CN216909759U - VOCs exhaust-gas treatment system - Google Patents

Abstract

The utility model discloses a VOCs waste gas treatment system which comprises a rotating wheel part, wherein the rotating wheel part comprises two rotating wheels which are coaxially arranged and have the same diameter, and the space where the rotating wheel part is located is divided into a fan-shaped desorption area and a fan-shaped adsorption area by taking the rotating center of the rotating wheels as the circle center; the adsorption zone is used for VOCs waste gas to pass through, and the desorption zone is used for desorption gas to pass through; the rotating directions of the two rotating wheels are opposite, and along the flowing direction of the VOCs waste gas, the rotating speed of the rotating wheel positioned at the upstream is greater than that of the rotating wheel positioned at the downstream; the flow direction of the VOCs off-gas is opposite to the flow direction of the desorption gas.
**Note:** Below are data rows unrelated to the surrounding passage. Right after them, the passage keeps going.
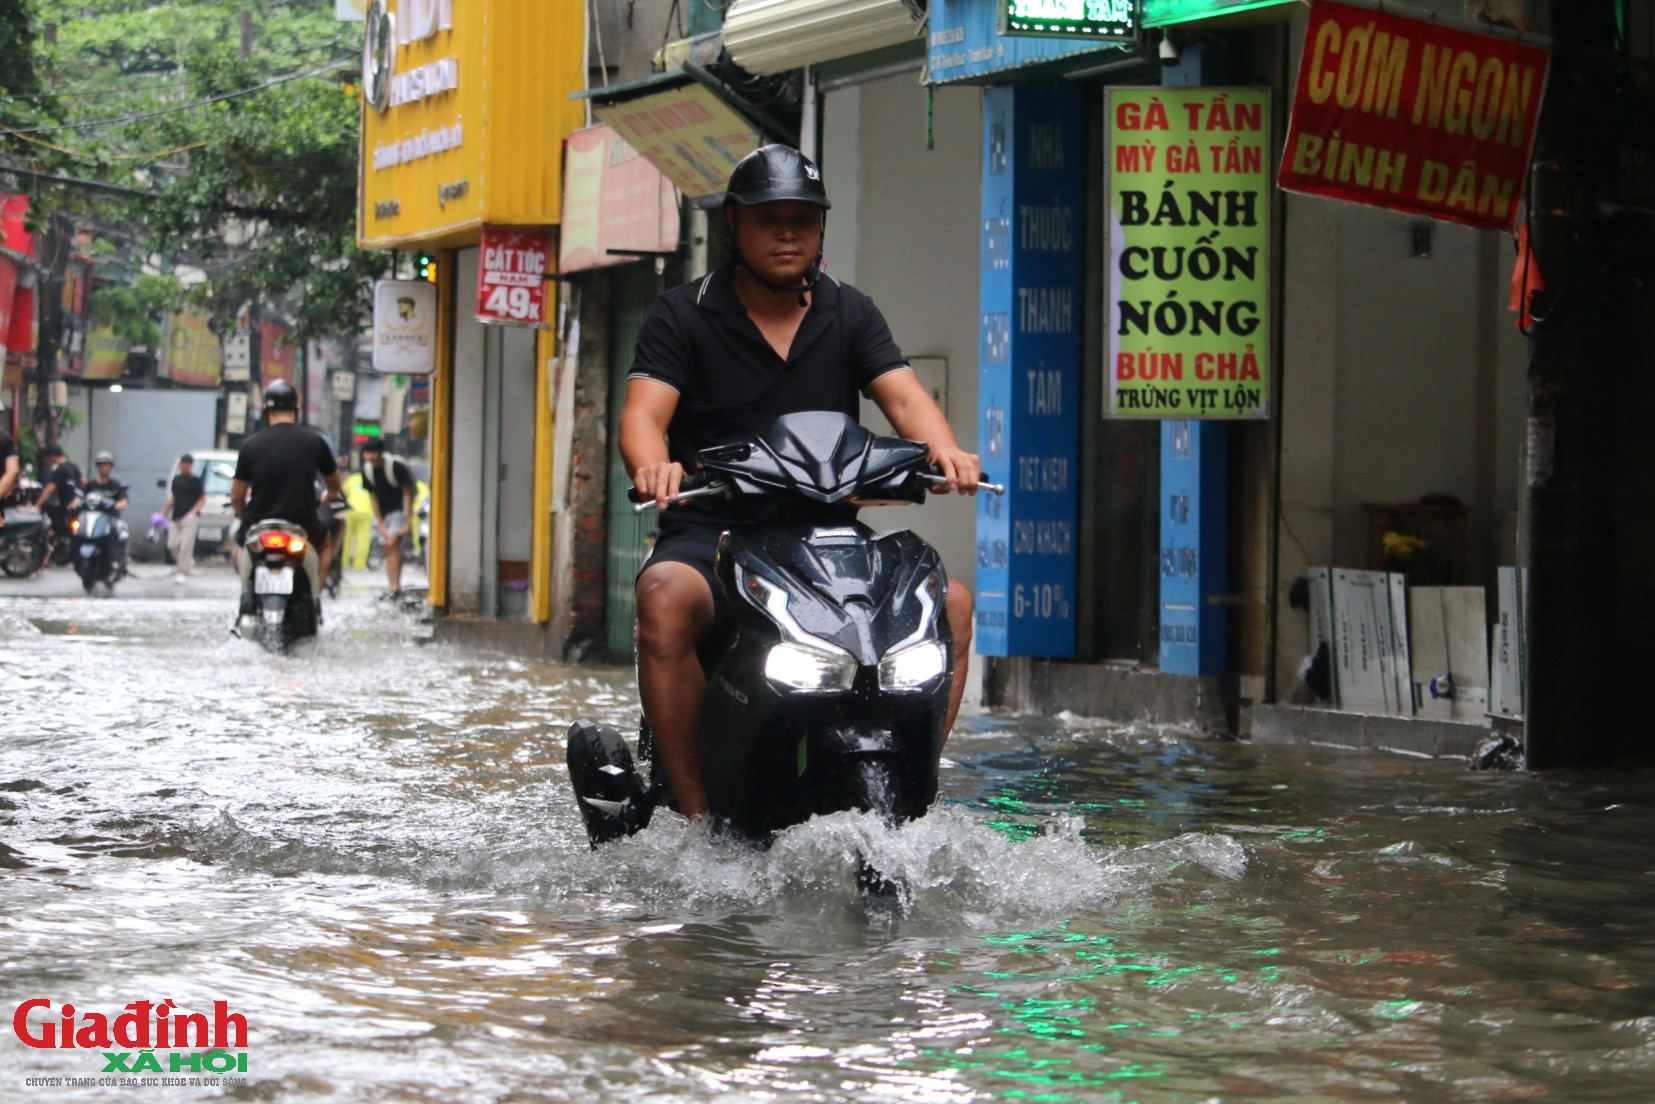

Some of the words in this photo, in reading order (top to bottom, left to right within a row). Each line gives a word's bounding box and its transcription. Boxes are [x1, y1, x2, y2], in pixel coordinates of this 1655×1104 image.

[1308, 19, 1410, 119] CƠM
[1412, 43, 1535, 148] NGON
[1116, 96, 1170, 131] GÀ
[1183, 92, 1262, 131] TẦN
[1116, 138, 1157, 173] MỲ
[1165, 138, 1202, 174] GÀ
[1209, 135, 1262, 174] TẦN
[1292, 130, 1407, 194] BÌNH
[1417, 159, 1514, 217] DÂN
[1118, 179, 1259, 227] BÁNH
[517, 248, 545, 274] TÓC
[1118, 229, 1259, 281] CUỐN
[500, 274, 529, 285] NAM
[485, 286, 540, 320] 49K
[1018, 288, 1072, 333] THANH
[1117, 290, 1261, 337] NÓNG
[1116, 346, 1183, 381] BÚN
[1194, 343, 1261, 381] CHẢ
[1116, 383, 1182, 408] TRỨNG
[1186, 388, 1219, 414] VỊT
[1223, 383, 1261, 414] LỘN
[1013, 583, 1070, 619] 6-10%
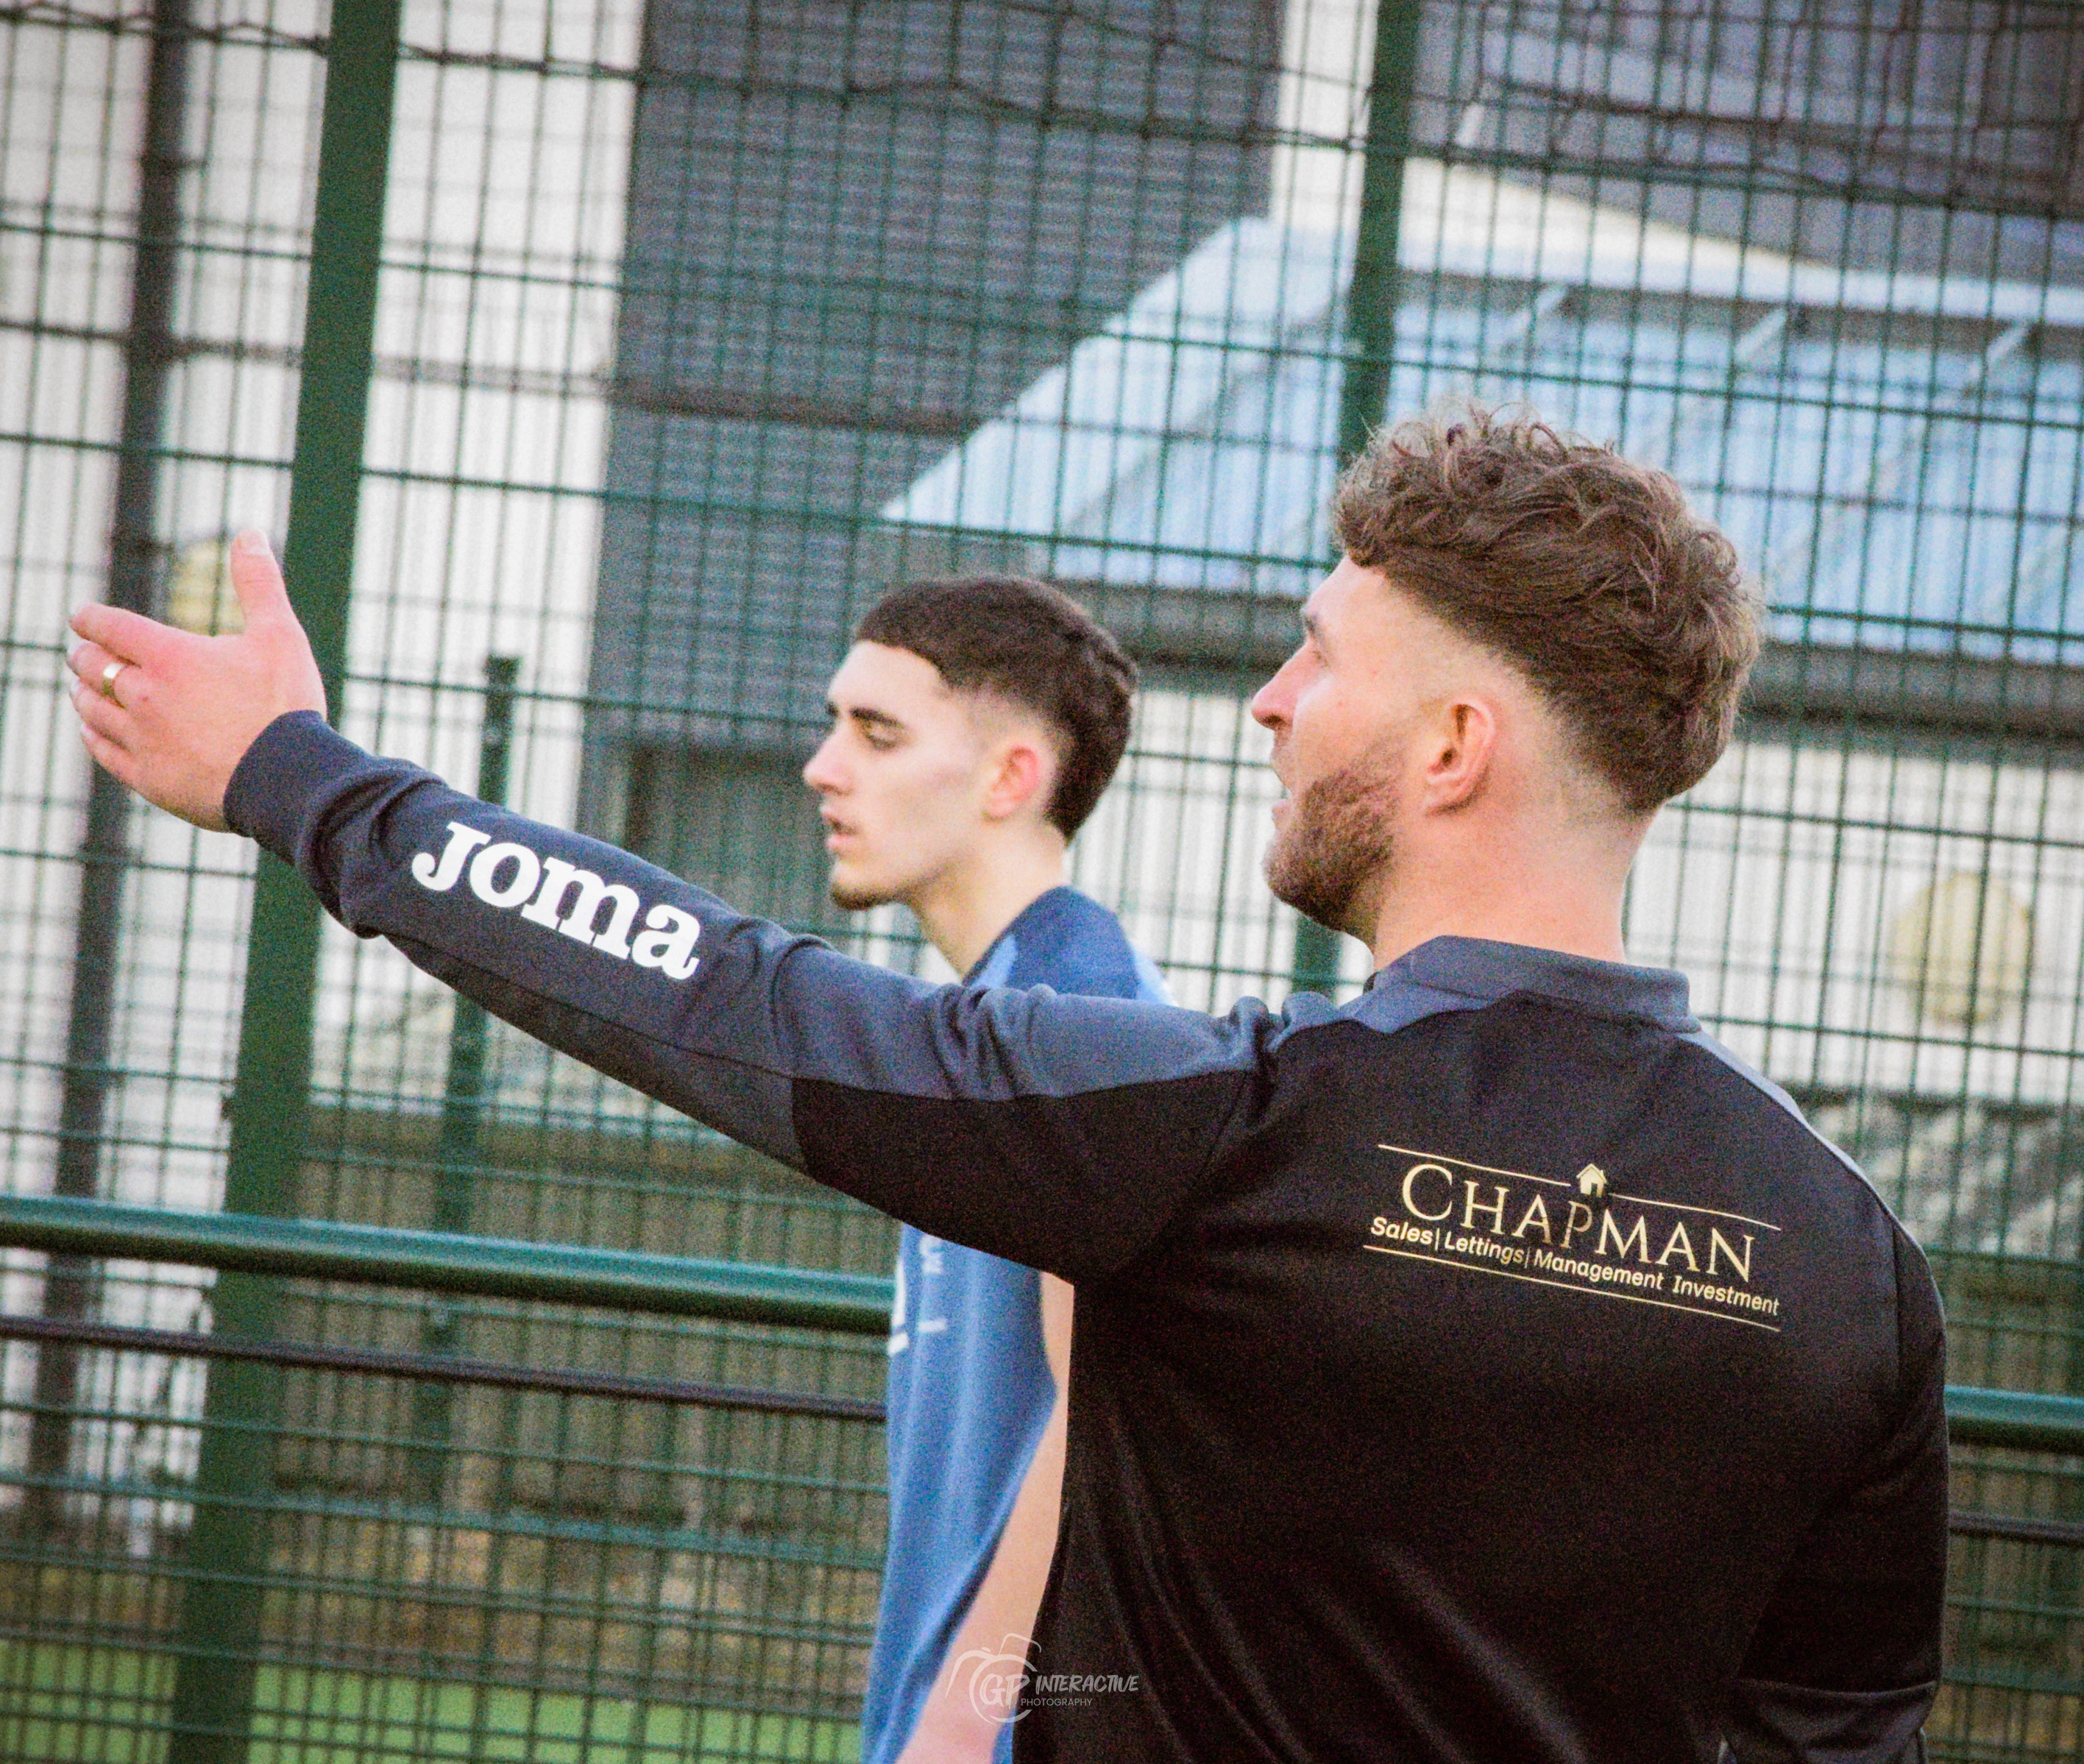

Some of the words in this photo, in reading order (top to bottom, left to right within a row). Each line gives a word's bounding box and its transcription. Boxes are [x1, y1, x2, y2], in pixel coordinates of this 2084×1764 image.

[411, 821, 701, 980] Joma
[1401, 1163, 1756, 1283] CHAPMAN
[1533, 1247, 1665, 1291] Management
[1672, 1275, 1780, 1317] Investment
The VOCs adsorption rate of swiveling wheel can be improved to the structural setting of this system, improves purification efficiency.

Description

VOCs exhaust-gas treatment system

Technical Field

The utility model relates to the technical field of waste gas treatment, in particular to a VOCs waste gas treatment system.

Background

In the petrochemical industry, the automobile manufacturing industry and other industries, the waste gas of VOCs (volatile organic compounds) is generated, and the common components of the VOCs comprise hydrocarbons, benzene series, alcohols, ketones, phenols, aldehydes, ammonia and the like.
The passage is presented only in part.